L’année 1960 correspond du reste à la fin du mandat de Fricsay à l’Opéra d’État
de Bavière dont il avait été nommé Generalmusikdirektor
en 1956, à la suite de Rudolf Kempe, et où il avait justement dirigé Les Noces pour la réouverture du Théâtre
Cuvilliés le 14 juin 1958, dans une mise en scène de Rudolf Hartmann, avec
Erika Köth, Karl Christian Kohn, Hertha Töpper (mais en Marcellina, flanquant le Bartholo de Josef Metternich), et en
couple aristocratique les deux jeunes Américains implantés à Munich, Kieth
Engen et Claire Watson.
Un signe ne
trompe pas, sans doute : nombreux sont les moments où on se surprend à
écouter l’orchestre autant ou même plus que les chanteurs. C’est évident dans
l’air de Bartholo, où une basse prosaïque, terne, laisse la
vedette à un accompagnement qui, lui, est pertinent, élégant, éloquent
pour deux. Pour autant, nulle part on ne sentira chez le chef le désir de se
mettre en avant, et en bon chef de théâtre Fricsay ne mettra pas les chanteurs
en péril : le chant syllabique de ce Bartholo bénéficie d’un tempo modéré
qui n’est peut-être pas idéal mais qui est le bon avec ce chanteur-là. Dès le
duo « Se a casa Madama », et malgré le relief que peuvent avoir
Seefried et Capecchi, l’oreille jouit du discours d’un orchestre qui parle et colore avec les chanteurs. Avec eux, toujours – c’est-à-dire, en
respirant avec eux. Car la vertu première de cette direction est de respirer
avec un naturel véritablement absolu, évident, tout le temps. Le duo de la
lettre est même bouleversant sous ce seul rapport. Bien fin qui dira si c’est
le chef qui respire avec les solistes ou si ces derniers se coulent dans la
respiration profonde dont le chef est l’âme pour fondre ensemble le théâtre et
la poésie.
L’ouverture
(notée Presto) paraîtra d’abord retenue, pas très « Folle journée »
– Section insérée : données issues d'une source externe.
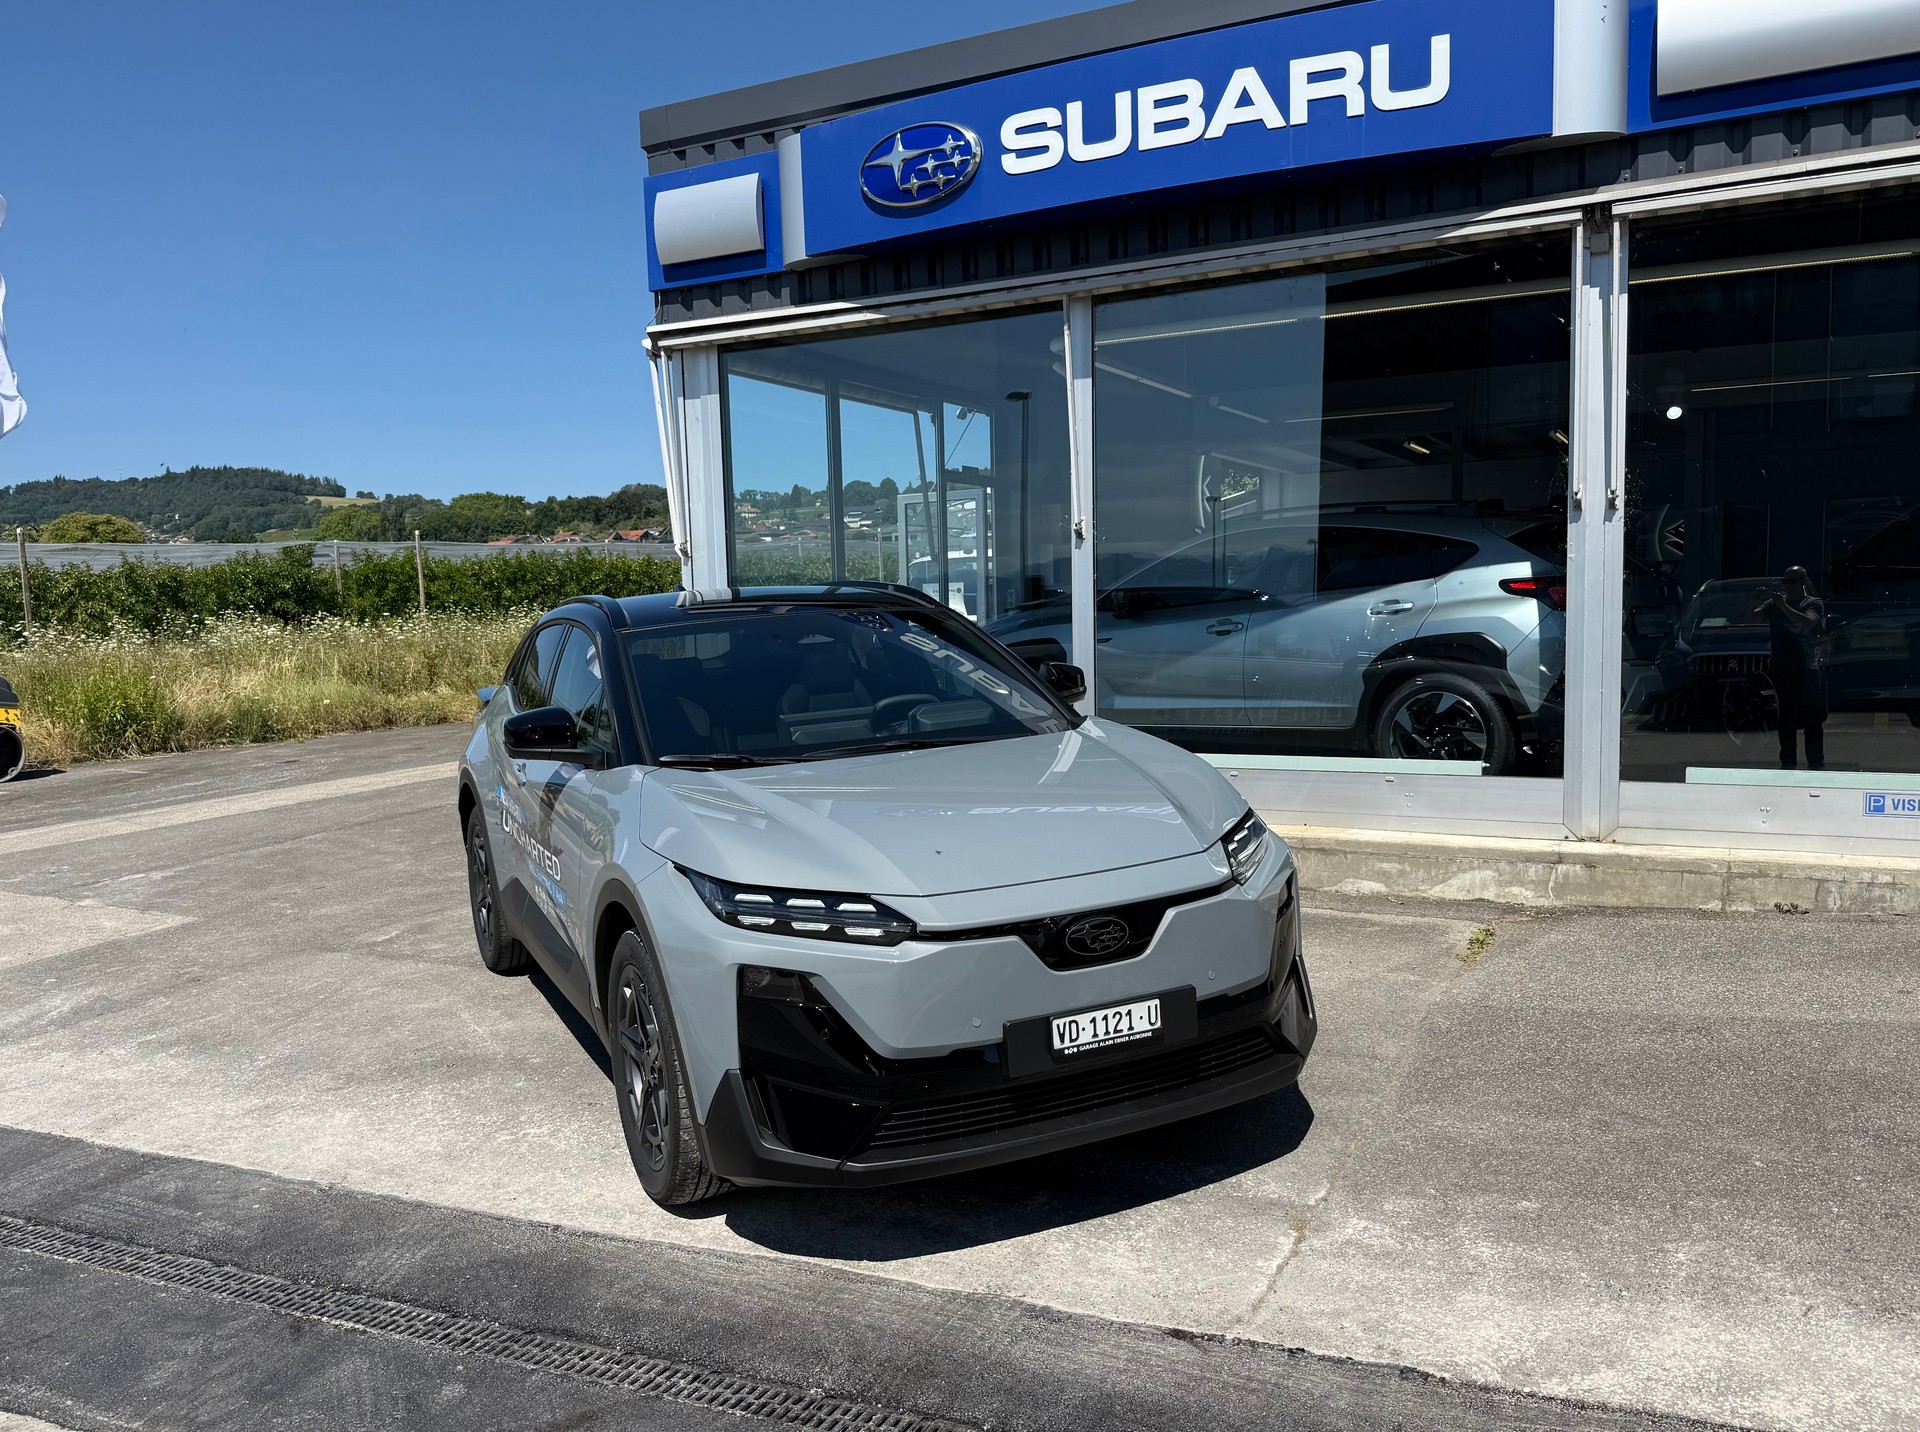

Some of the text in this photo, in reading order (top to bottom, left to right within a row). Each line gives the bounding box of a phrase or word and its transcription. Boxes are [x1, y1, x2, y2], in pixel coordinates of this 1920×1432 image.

si l’on songe à l’énergie fulgurante de Karajan dans sa première version, mais
elle installe un tempo giusto par ce
sens de la respiration, avec une coda qui prouve que l’art de l’articulation ne
fait pas regretter une allure échevelée. On retrouve bien sûr le caractère
immédiatement reconnaissable de l’Orchestre du RIAS, modelé par Fricsay durant
toutes ces années, avec cette texture légère des cordes, ces bois détaillés
mais fluides, cette manière d’être nerveux sans jamais perdre en souplesse et
sans verser dans l’agressivité. Ces bois, parlons-en : extraordinairement
timbrés et toujours doux-coulants. Plus loin, juste avant que Suzanne entonne
son « Così al mattino il caro Contino », comme le hautbois chante
merveilleusement ! Et ce rire fin des bois, paré de la subtilité des
cordes dans « Se vuol ballare », où pourtant Figaro chante trop en
dehors… Et que dire de l’articulation rythmique dans « Non più
andrai » sinon qu’elle est fantastique ? « Porgi Amor » est
gratifié d’un tempo méditatif mais qui toujours avance, évident là encore, et
ces bois toujours… Il s’ensuit un caractère de haute poésie, libéré d’une
solennité excessive. De même, « Dove sono », et ce dès le récitatif,
fera corps avec la Comtesse pour libérer le discours théâtral dans un modèle de
lyrisme, fluide et articulé, d’autant
plus pénétrant que rien n’est appuyé. Ici on parle le Mozart couramment, et
sans accent disgracieux.
Les scènes
chorales sont d’autres moments extraordinaires. La manière dont le petit chœur
de l’acte I est conduit constitue à soi seule une leçon de théâtre en musique.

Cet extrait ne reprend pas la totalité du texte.